BEGIN Provided records
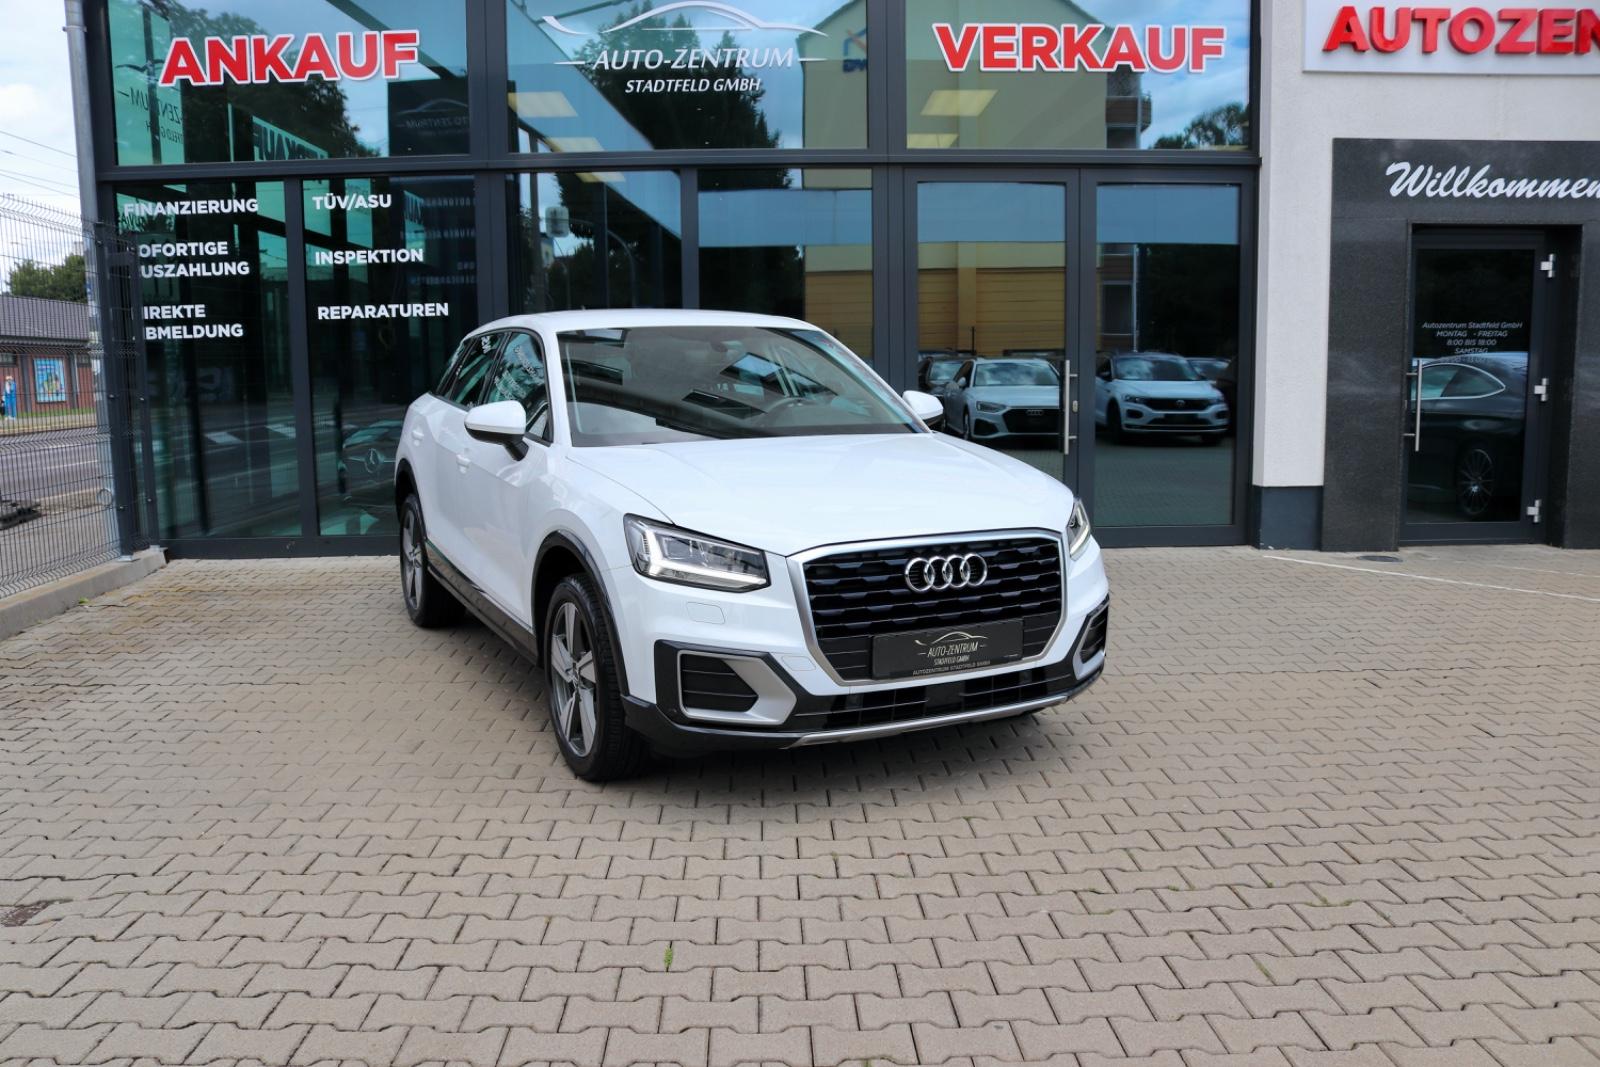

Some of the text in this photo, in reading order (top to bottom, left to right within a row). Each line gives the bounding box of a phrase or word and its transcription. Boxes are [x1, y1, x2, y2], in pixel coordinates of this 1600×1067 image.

[933, 23, 1226, 73] VERKAUF
[160, 30, 419, 87] ANKAUF
[594, 48, 793, 70] AUTO-ZENTRUM
[625, 78, 761, 94] STADTFELD GMBH
[1386, 162, 1600, 198] Willkommen
[123, 198, 259, 216] FINANZIERUNG
[312, 193, 392, 210] TÜV/ASU
[138, 241, 229, 258] OFORTIGE
[315, 248, 424, 265] INSPEKTION
[140, 261, 250, 279] USZAHLUNG
[143, 304, 206, 320] IREKTE
[317, 302, 449, 320] REPARATUREN
[144, 323, 243, 340] BMELDUNG
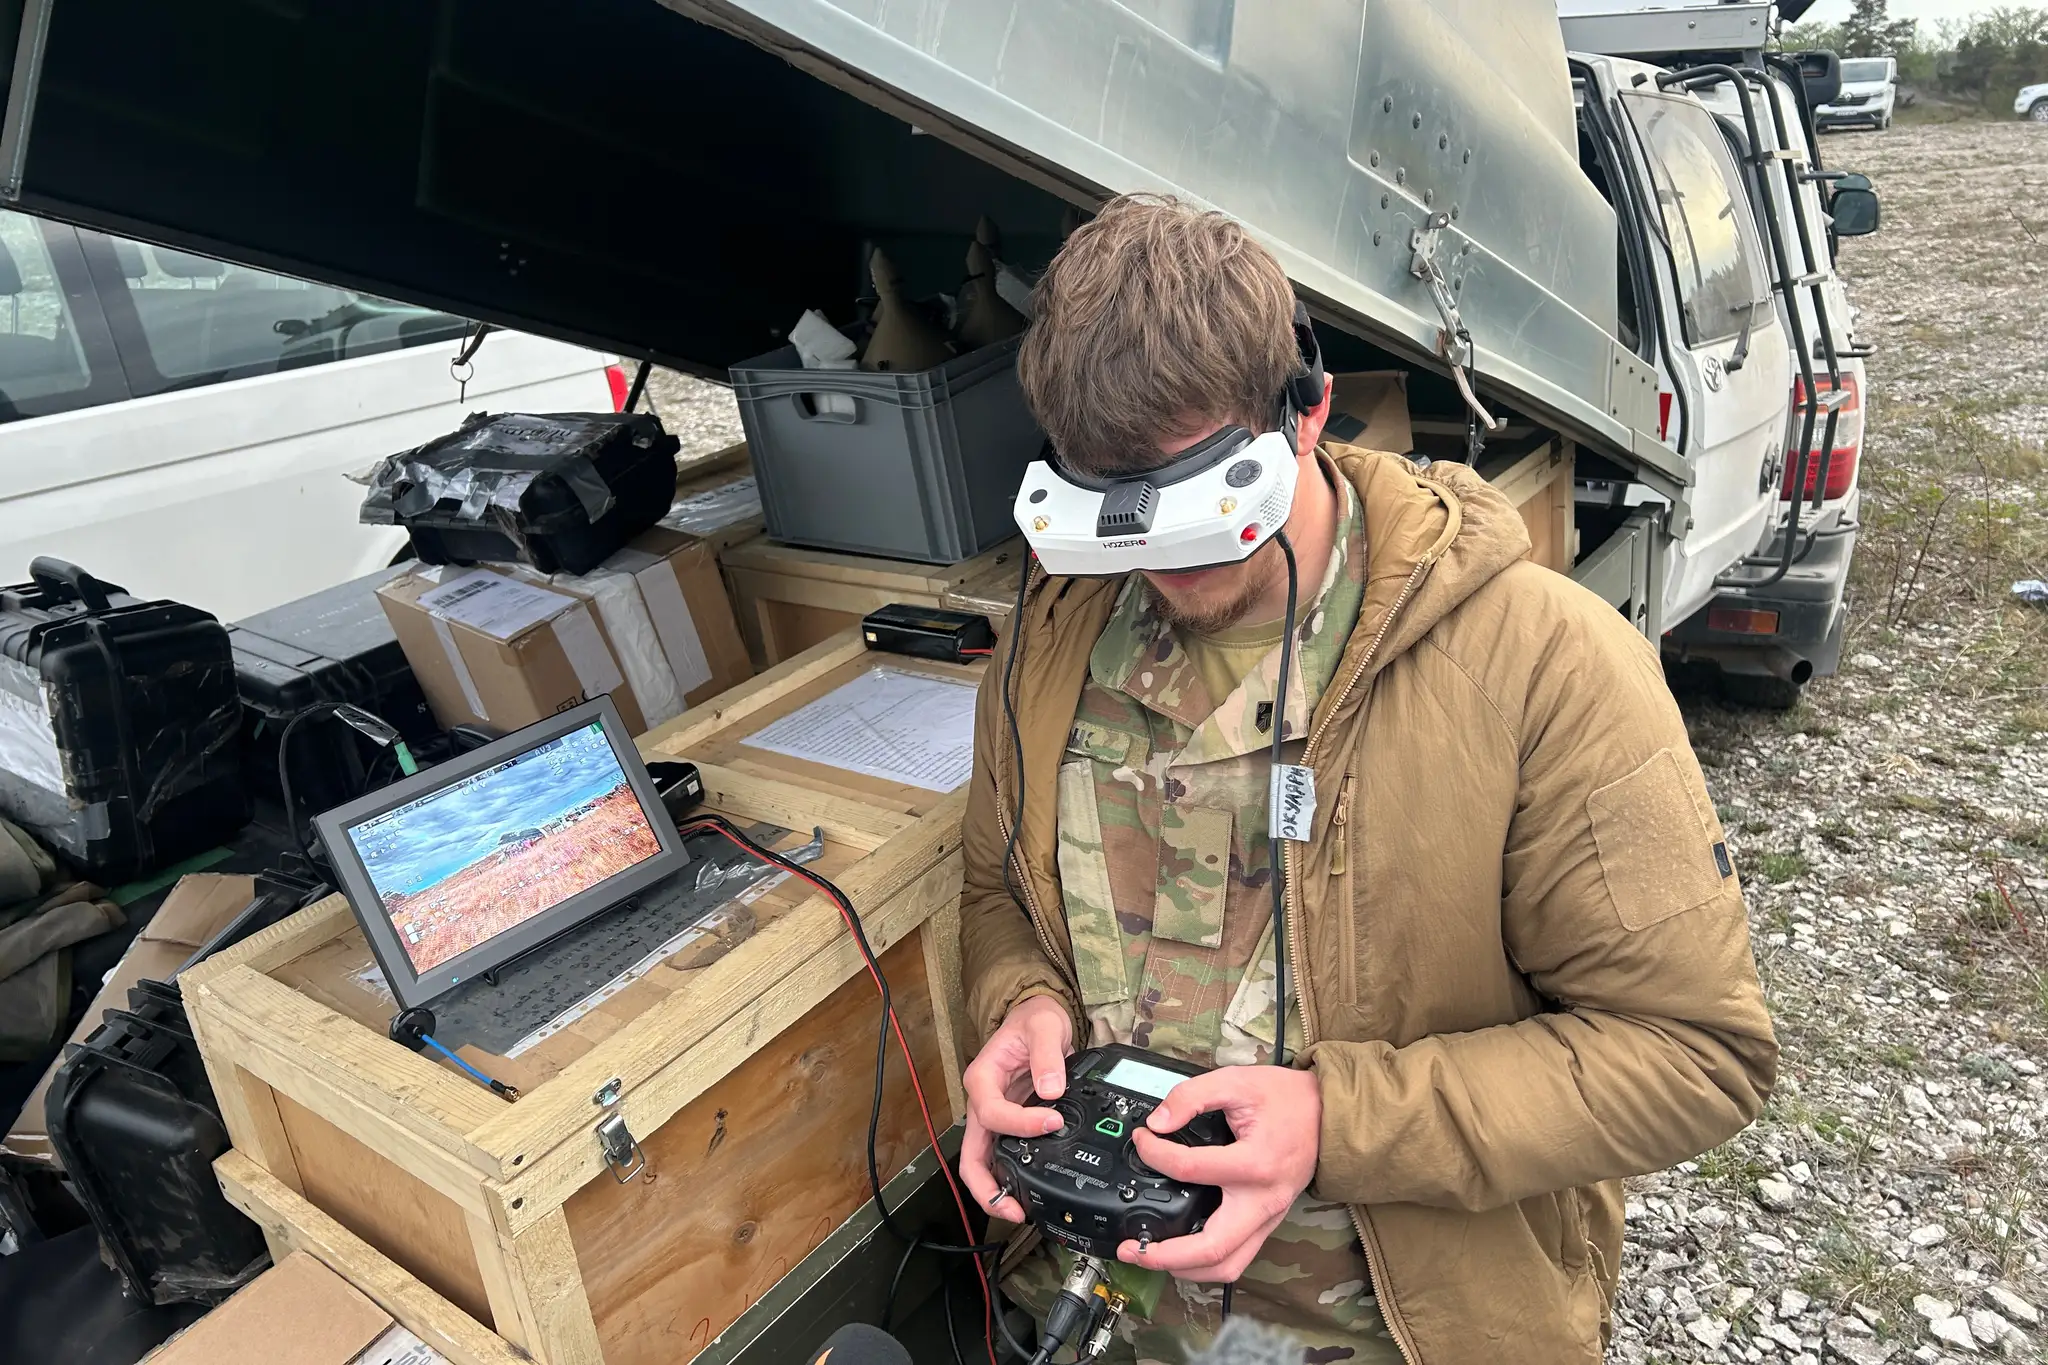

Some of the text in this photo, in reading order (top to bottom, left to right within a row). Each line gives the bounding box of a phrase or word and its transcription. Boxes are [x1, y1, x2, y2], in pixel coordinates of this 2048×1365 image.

[534, 744, 552, 757] AV3
[1281, 766, 1306, 839] ОКУЛЯРИ
[1074, 1150, 1101, 1166] TX12
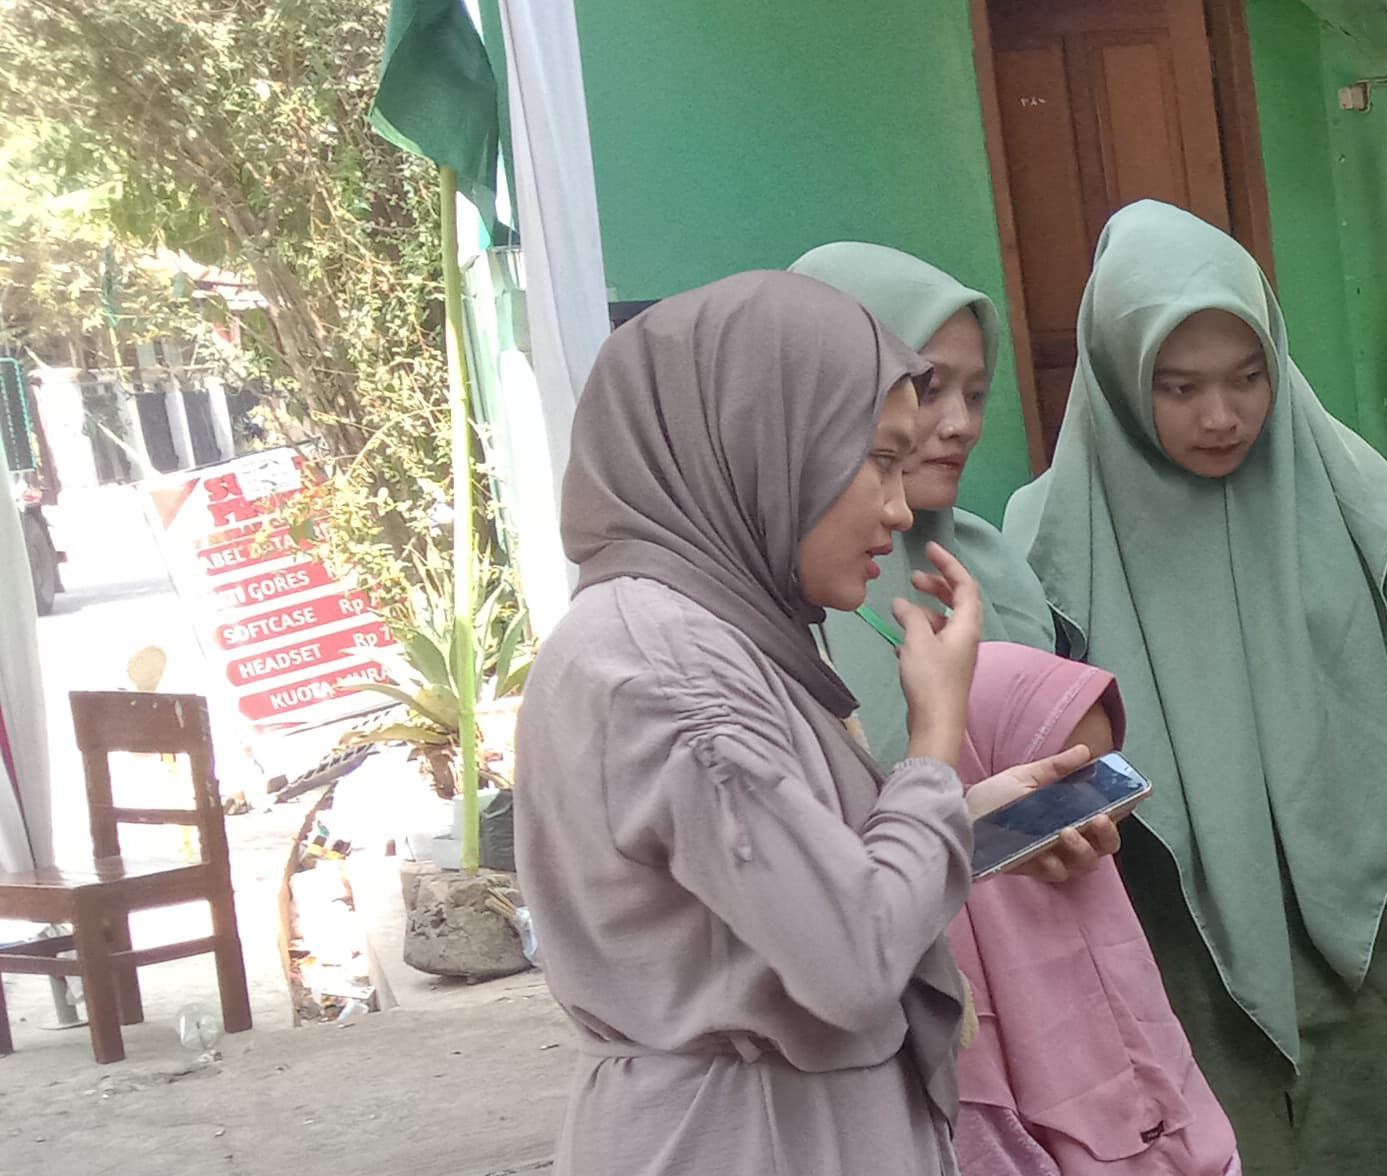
END Provided records
Work instructions: All entries above are to be reproduced exactly, with no pictures.

Task response:
Some of the text in this photo, in reading order (top to bottom, left to right within a row). Each line gives the bounding box of a phrase or word and its transcription. Boxes are [x1, y1, x2, y2], in pixel coordinates of this 1600×1067 image.

[933, 23, 1226, 73] VERKAUF
[160, 30, 419, 87] ANKAUF
[594, 48, 793, 70] AUTO-ZENTRUM
[625, 78, 761, 94] STADTFELD GMBH
[1386, 162, 1600, 198] Willkommen
[123, 198, 259, 216] FINANZIERUNG
[312, 193, 392, 210] TÜV/ASU
[138, 241, 229, 258] OFORTIGE
[315, 248, 424, 265] INSPEKTION
[140, 261, 250, 279] USZAHLUNG
[143, 304, 206, 320] IREKTE
[317, 302, 449, 320] REPARATUREN
[144, 323, 243, 340] BMELDUNG

Some of the text in this photo, in reading order (top to bottom, left to right within a row). Each line gives the bounding box of a phrase or word and its transcription. Boxes are [x1, y1, x2, y2], in pixel coordinates of this 2048×1365 image.

[534, 744, 552, 757] AV3
[1281, 766, 1306, 839] ОКУЛЯРИ
[1074, 1150, 1101, 1166] TX12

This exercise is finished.